Is Scripting Bad?
We encounter scripting all the time. When calling customer service, at the end of the call, the representative says, “Have I answered all your questions today?” In a restaurant, a waiter will say, “My name is Matt, and I’ll be your server.” And at the supermarket the checkout person will ask, “Did you find everything you were looking for today?”
While some of this sounds robotic, it all does what is intended: build an expectation in the mind of the customer of what happens next, no matter the employee.
Thus, every time I go to a Best Buy and start wandering around I can expect a person in a polo shirt and khakis to welcome me and ask me if I can be helped in any way. When I go to the local Hannaford supermarket I can expect people to ask me if I need help finding any items or if I found everything I need. And if I call DirecTV the person on the other end will introduce themselves and assure me my problem will be solved.
I’m never quite sure what happens when I need help and the person isn’t helpful, I couldn’t find what I needed, or if the person on the other end of the telephone makes my problem worse.

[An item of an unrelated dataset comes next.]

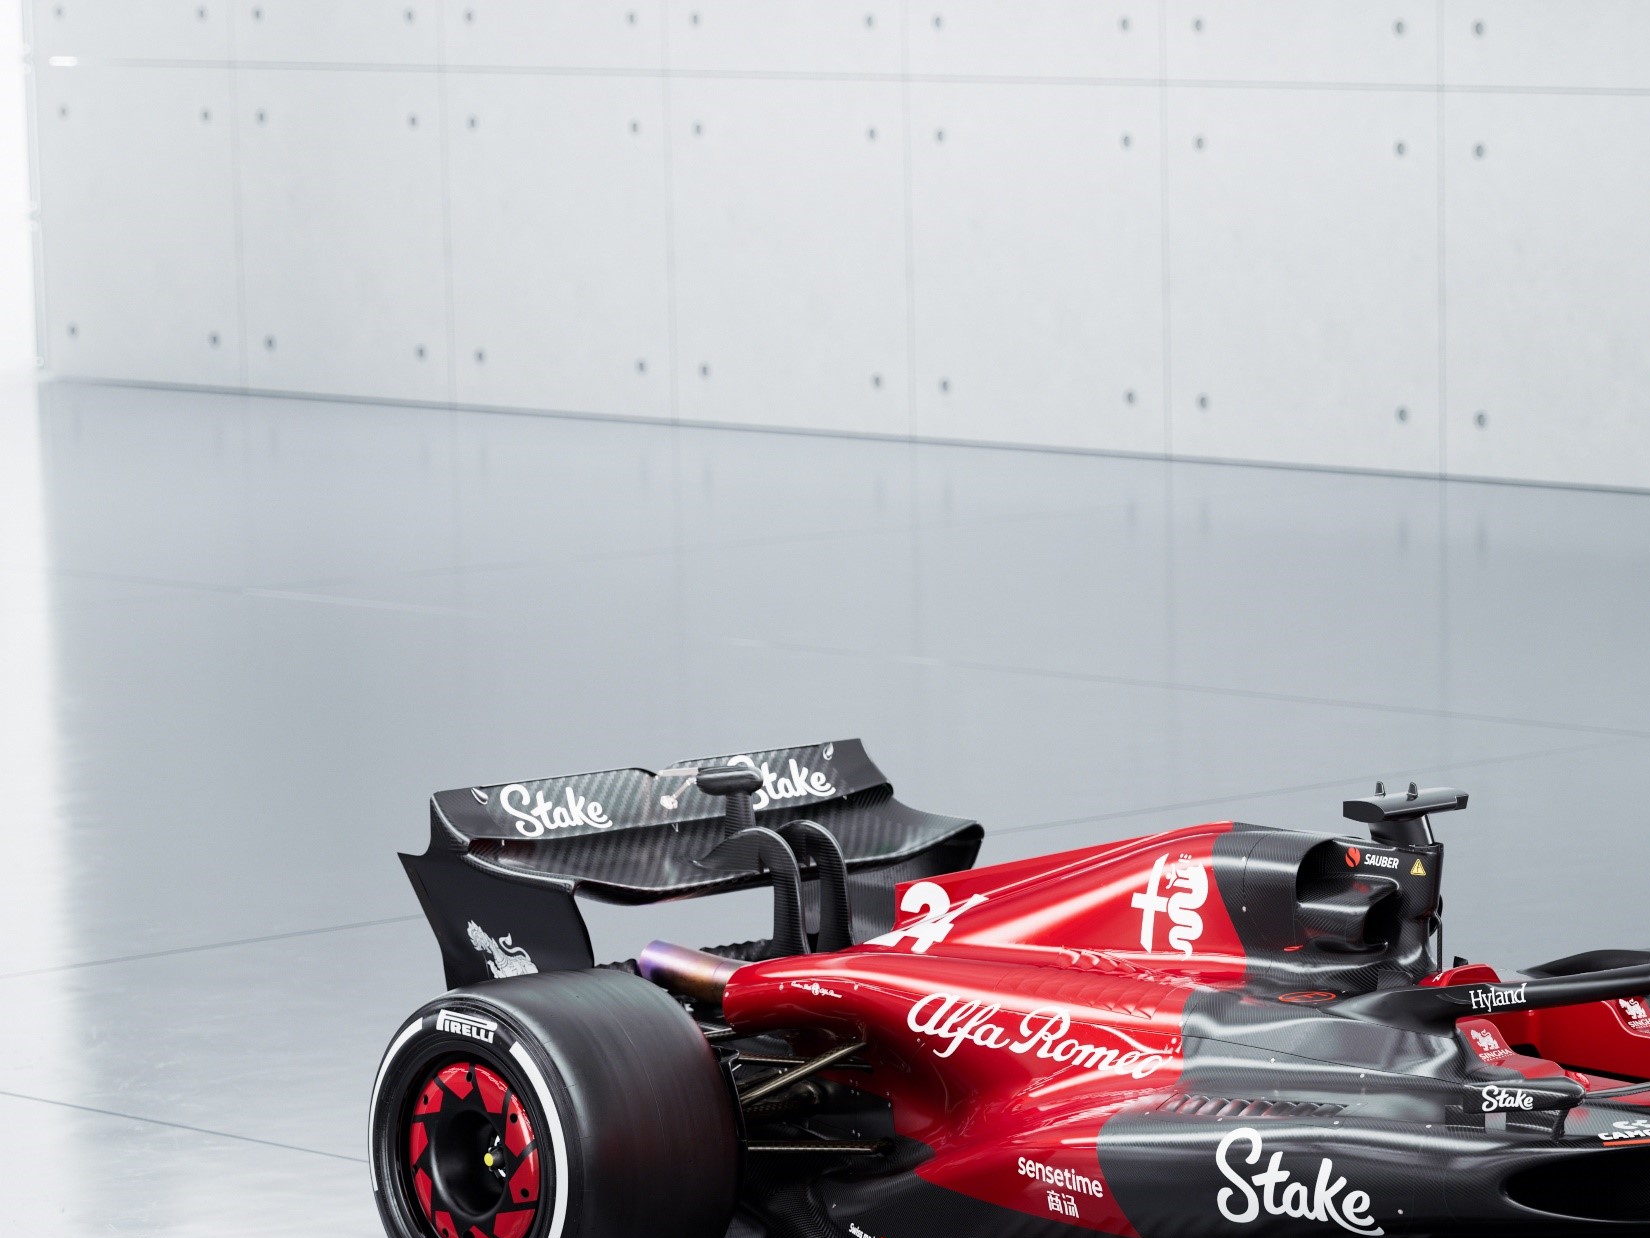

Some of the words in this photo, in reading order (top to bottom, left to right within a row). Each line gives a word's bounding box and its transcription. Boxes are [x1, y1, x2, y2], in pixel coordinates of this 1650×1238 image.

This happens often enough that it leads me to believe that scripting ends with the sidewalk. Customer service often sounds robotic because it is.
All this can be applied in the laboratory, too. You can introduce yourself to a patient, ask if there is anything more that you can do, and ask doctors if they have found all the results they need. And if everyone in the laboratory does all these things, it will doubtless build an expectation of how people behave until they need to go off road when the scripting is derailed. But that’s another blog.
After experiencing scripting in various forms, I’m not convinced it’s smart business. Some customers love personality, which indicates diversity, innovation, and unique value. If that’s true, is scripting bad?